When you design your life, you can make your passion follow you.

Want full control over your hours & holidays? Be your own boss. Get a grasp on your strengths {and weaknesses}, prioritize your life, and get to work. Your passion for the work you end up doing will grow as you progress.

You can craft your career to spend more time engaged in the tasks you enjoy. Doing so makes you curious and forces you to grow your strengths. Work with a team that inspires you.
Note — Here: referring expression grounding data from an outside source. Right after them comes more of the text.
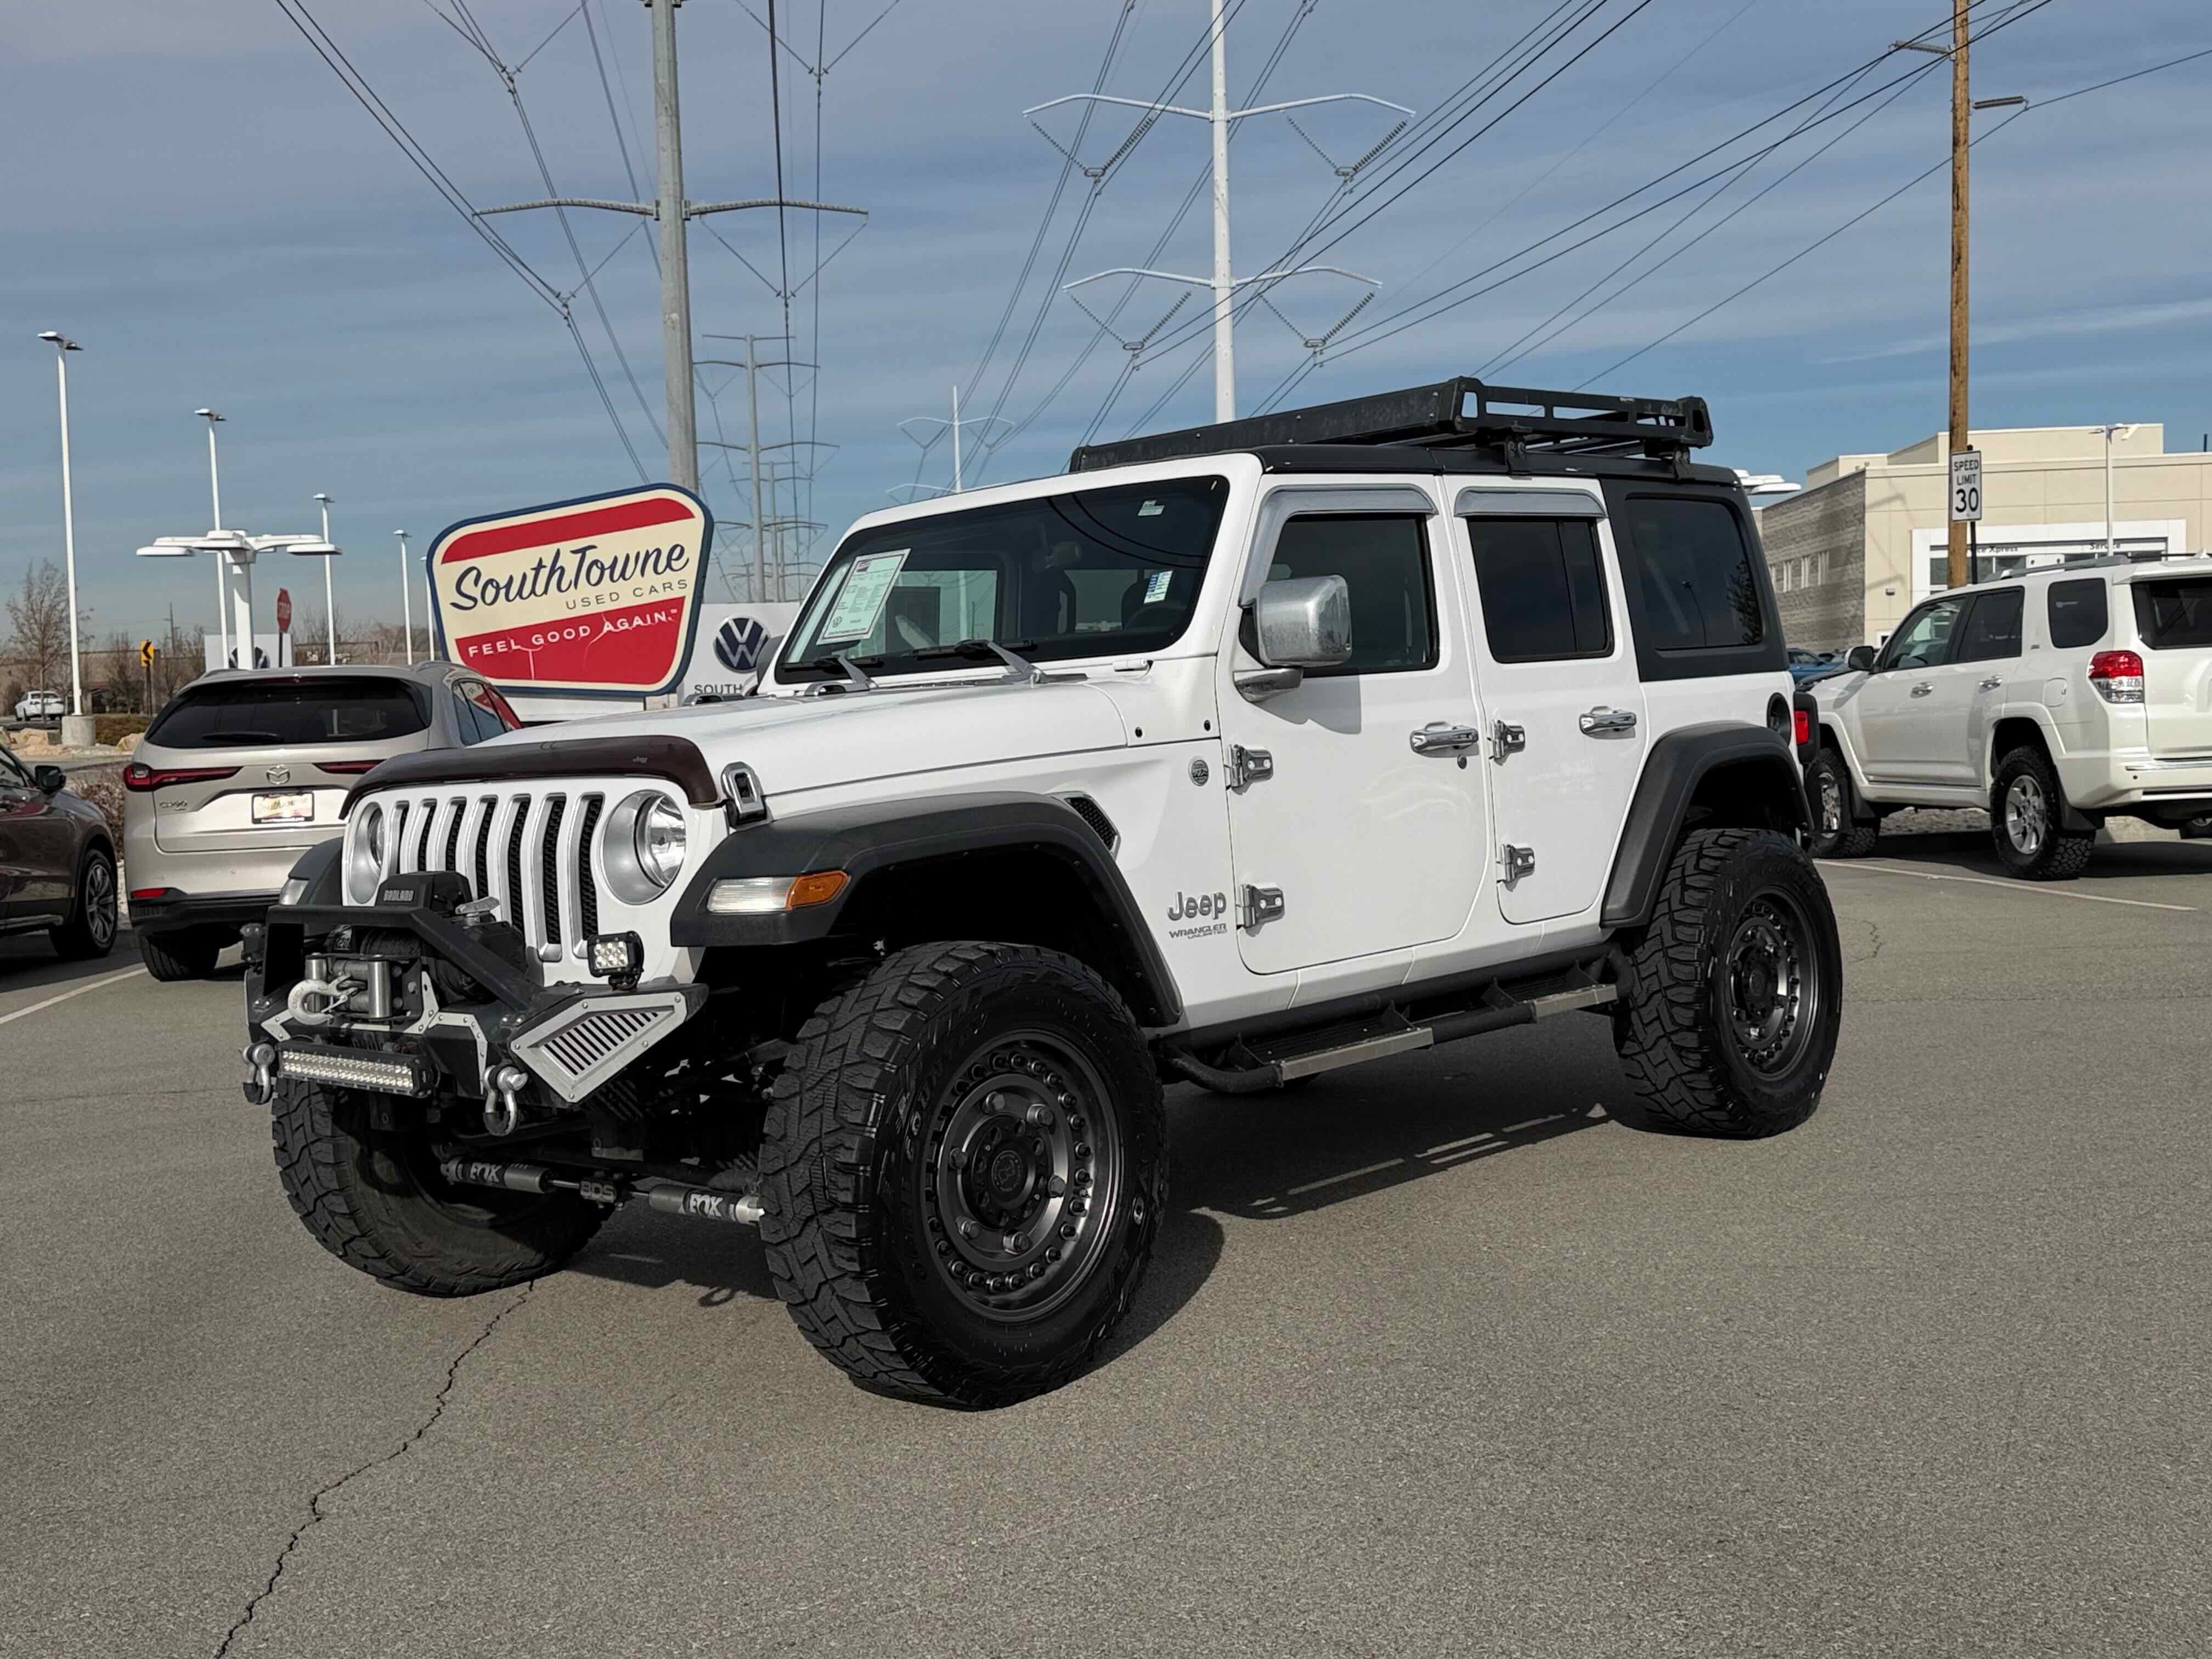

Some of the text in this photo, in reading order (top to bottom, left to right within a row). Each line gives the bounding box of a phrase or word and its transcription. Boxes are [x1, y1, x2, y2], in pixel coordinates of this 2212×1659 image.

[1954, 459, 1979, 471] SPEED
[1957, 473, 1976, 486] LIMIT
[1955, 487, 1979, 512] 30
[449, 543, 690, 611] SouthTowne
[566, 579, 688, 610] USED CARS
[468, 639, 521, 658] FEEL
[531, 625, 591, 645] GOOD
[1167, 891, 1227, 921] Jeep
[1169, 923, 1227, 939] WRANGLER
[689, 1192, 724, 1218] FOX
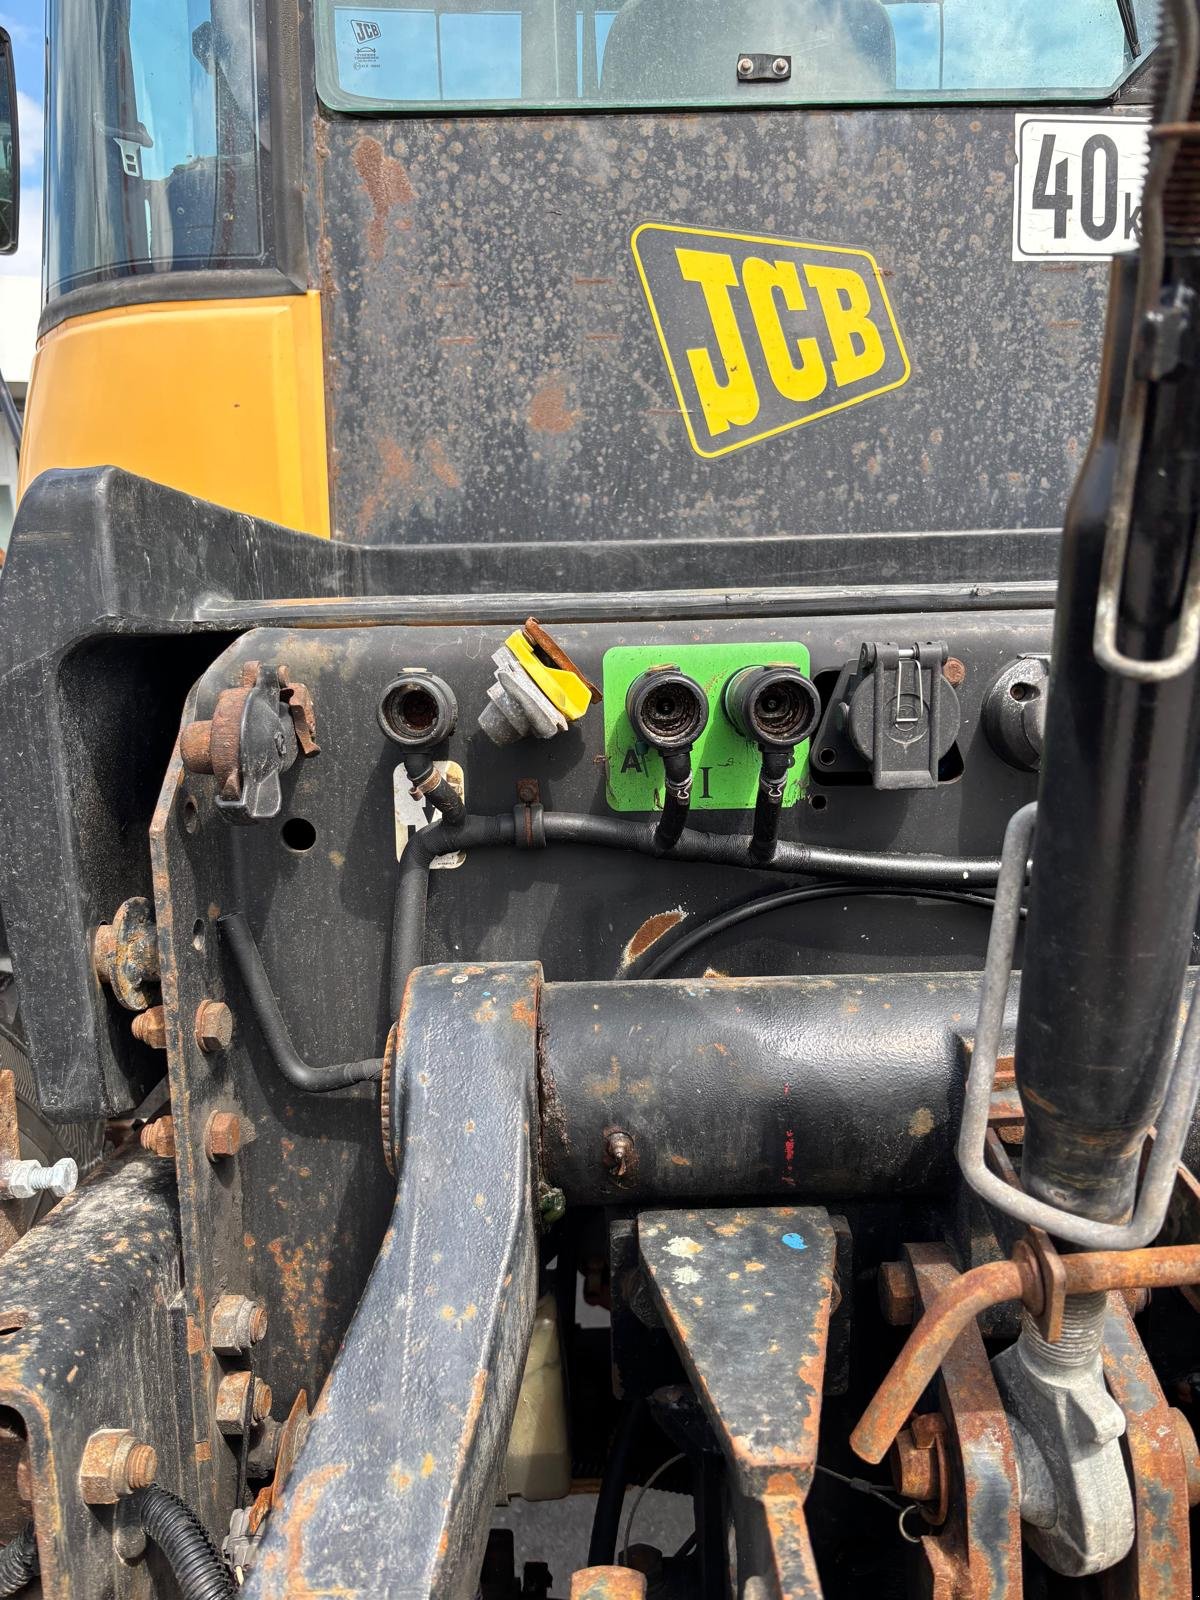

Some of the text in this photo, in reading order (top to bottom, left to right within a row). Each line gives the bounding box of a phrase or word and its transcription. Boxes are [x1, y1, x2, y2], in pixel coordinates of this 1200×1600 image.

[356, 22, 379, 41] JCB
[674, 247, 886, 437] JCB
[620, 748, 642, 773] A
Build a business that supports the life you envision—whether that means sticking to a mapped out plan, or pivoting when your needs change.

Related How to Build a Business that Stands Out (and Thrives)

Reality Bites #3 – Make peace with the real world

This is only gonna hurt a little.

There are going to be days when you’ll hate your career. Work can be unrelenting, boring AF, and clients—more than a little frustrating. But ask yourself this—when did you sign a contract saying your business would be *sunshine and roses* 24/7?

And if you’re somehow able to unlock this magical *passion* within you & combine it with a profitable career… you’re not off the hook yet either. Even if you love what you do, it still feels like work. Pushing toward the one thing you’re passionate about means you have everything to lose. So make peace with the ups and downs.

HOT TIP: You don’t have to love what you do. Liking your work is perfectly fine. Don’t get lost in a false narrative—embrace the reality.

Are you ready to stop living your life based on a bumper sticker?

miley cyrus nodding yes

Want to love what you do? Pick something interesting. Pick something that’ll make you money—something that keeps you curious and creates the lifestyle you crave.

Then crank it up to eleven.

Work your butt off. Don’t stop improving your skills. Use the feeling you get from the small victories as motivation to keep moving forward.

This is how you get to do what you love.

It’s not about following your *passion.* It’s about looking for opportunities to build a life that makes you happy. The passion for your work will follow.